** Opening Records for processing block **

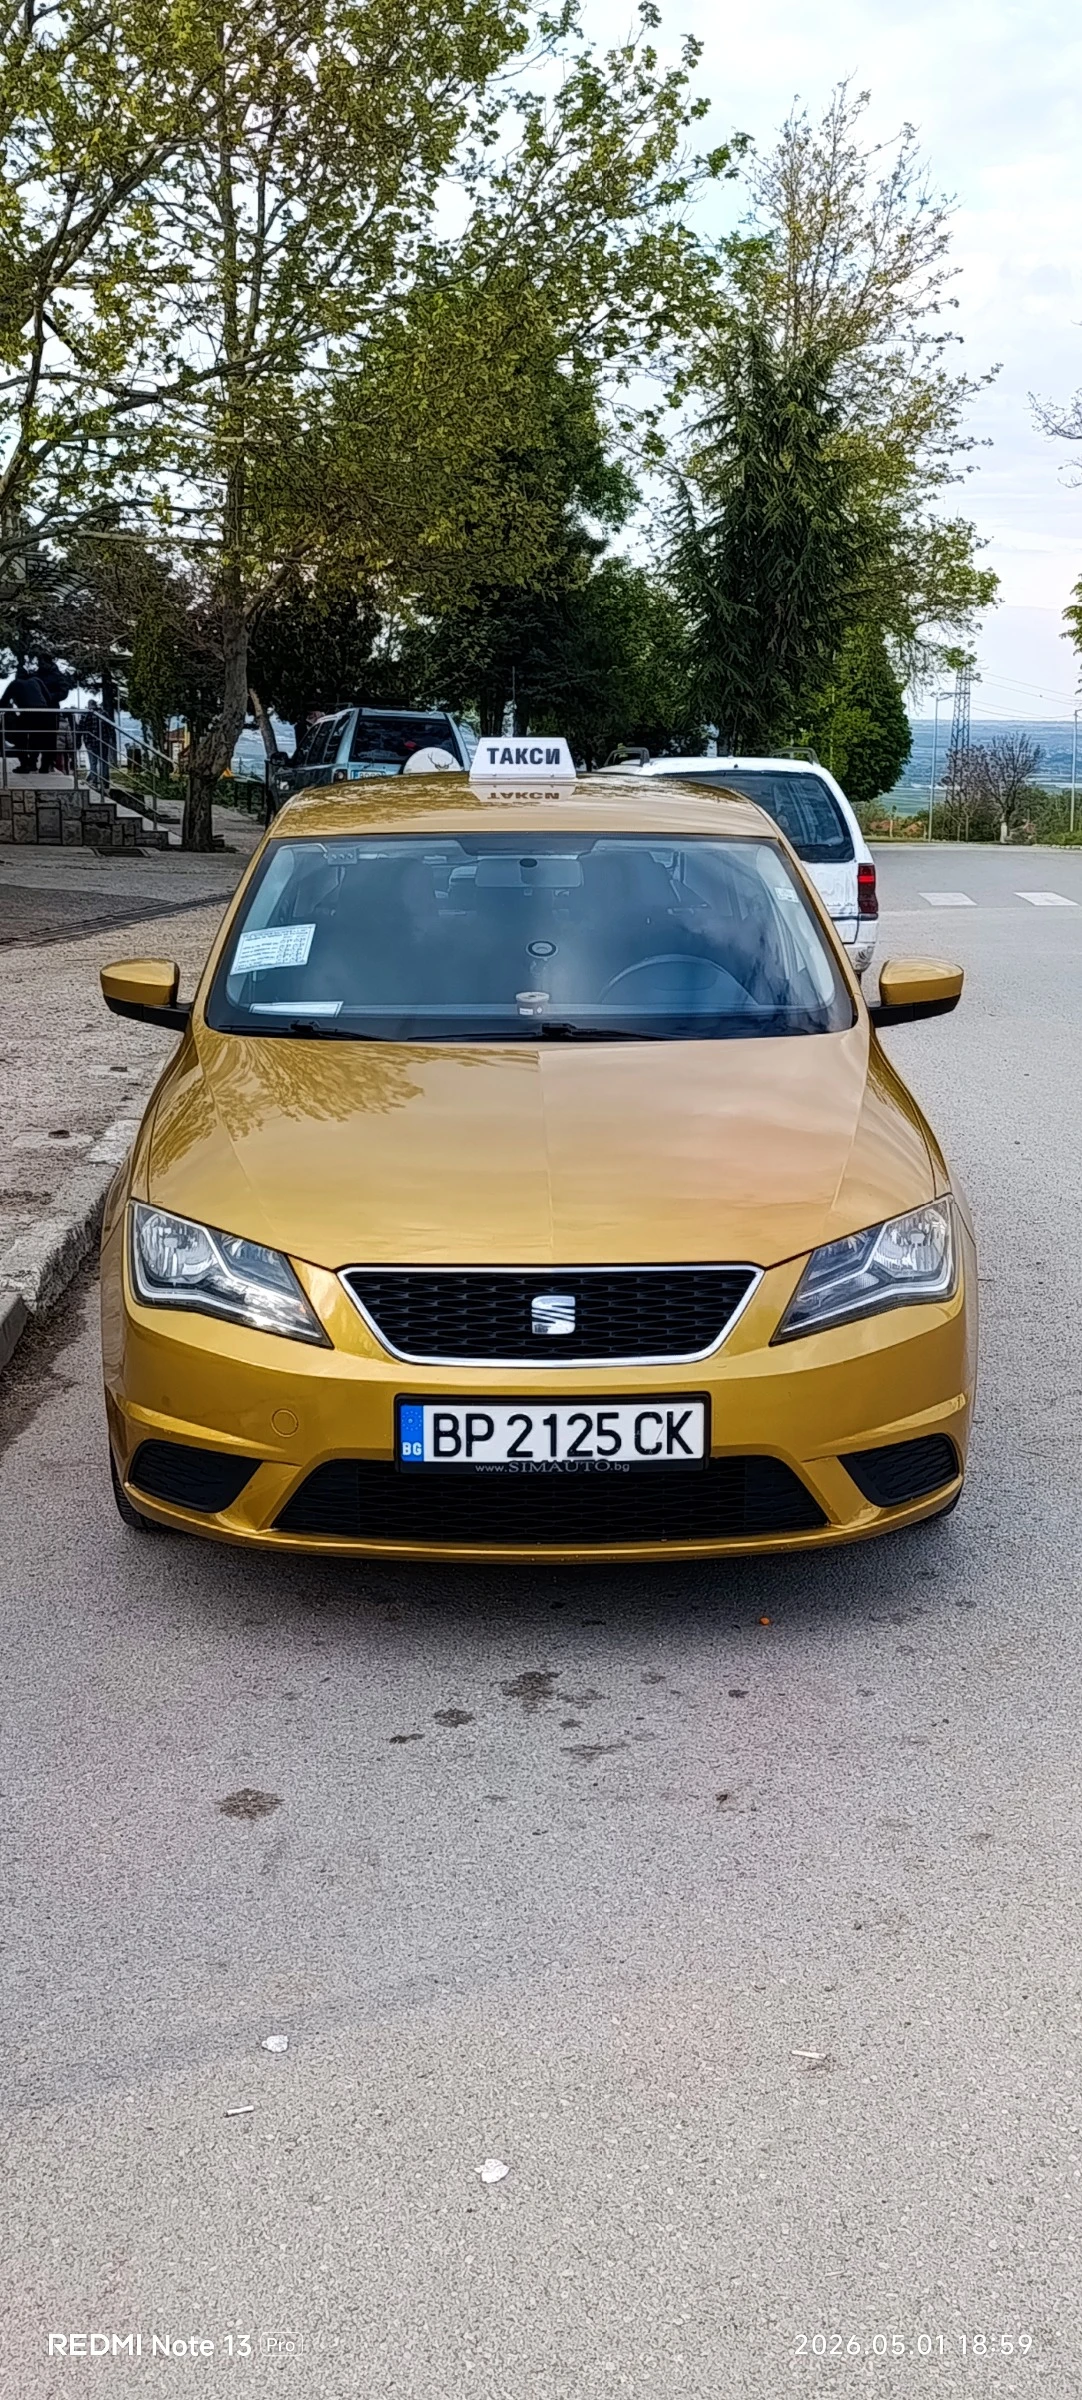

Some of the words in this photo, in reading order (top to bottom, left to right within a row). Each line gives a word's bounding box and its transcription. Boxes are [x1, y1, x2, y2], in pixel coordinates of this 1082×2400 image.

[486, 747, 560, 765] ТАКСИ
[433, 1412, 495, 1458] BP
[506, 1411, 622, 1458] 2125
[634, 1410, 695, 1456] CK
[402, 1441, 422, 1456] BG
[475, 1459, 630, 1473] www.SIMAUTO.bg

** Closing Records for processing block **

■ What you are asked to do: Could you restate the material word for word, skipping any pictures it holds?

■ Written solution:
Some of the words in this photo, in reading order (top to bottom, left to right within a row). Each line gives a word's bounding box and its transcription. Boxes are [x1, y1, x2, y2], in pixel coordinates of this 1082×2400 image.

[486, 747, 560, 765] ТАКСИ
[433, 1412, 495, 1458] BP
[506, 1411, 622, 1458] 2125
[634, 1410, 695, 1456] CK
[402, 1441, 422, 1456] BG
[475, 1459, 630, 1473] www.SIMAUTO.bg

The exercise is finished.